Tu ne l’avais jamais vu, mais ton odorat te trompait rarement. Il s’agissait d’un humain de petite taille, qui semblait venir des terres à l’est, probablement de Glenwyrm ou de la région de la Marche de Pierre vu l’odeur de ses vêtements en peau de bête. Il portait un message, et l’odeur du parchemin était imprégnée de transpiration et de sueur. Quand tu en aurais fini avec lui, tu t’occuperais de ce message, la raison pour laquelle tu le traquais. La mise en scène n’était qu’un extra que tu te permettais. Il fallait maintenant juste que tu évites la dague en argent qu’il tenait dans sa main.

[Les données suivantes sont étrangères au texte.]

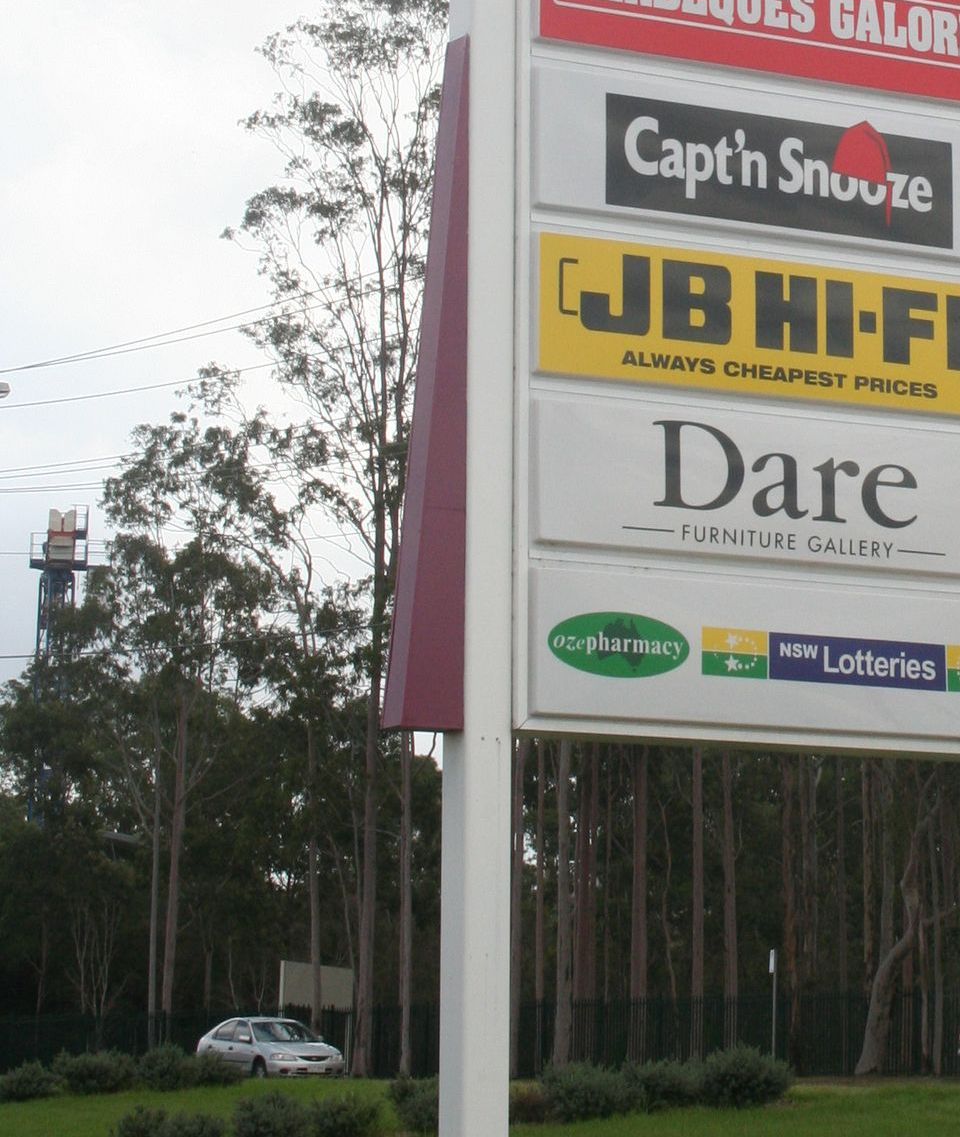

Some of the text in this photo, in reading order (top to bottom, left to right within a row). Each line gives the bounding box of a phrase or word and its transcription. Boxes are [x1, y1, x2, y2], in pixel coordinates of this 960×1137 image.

L’affrontement fut rapide. Tu bondis sur sa droite l’obliger à changer sa garde, puis tu partis à une vitesse fulgurante sur sa jambe opposée, le griffant violemment. Il mit un genou à terre. Tu repartis dans les ombres, quelques secondes, juste assez longtemps pour lui donner une impression de sécurité puis ré attaqua en lui mordant l’épaule, le forçant à lâcher son arme. Les coups qui suivirent furent chirurgicaux et destinés à tuer.
Tu ramassas la lettre destinée à … « Paladine Claircyar » tu lus à haute voix. Le message parlait d’une expédition sainte sur l’île de Sombrepic. Tu compris directement l’enjeu du message. Tu grimpas sur les toits, et d’un long hurlement, tu prévins ta meute qu’il était temps de mettre les voiles. Il fallait remonter vers le nord et rejoindre Sterpyon. Alarkéas devait attendre…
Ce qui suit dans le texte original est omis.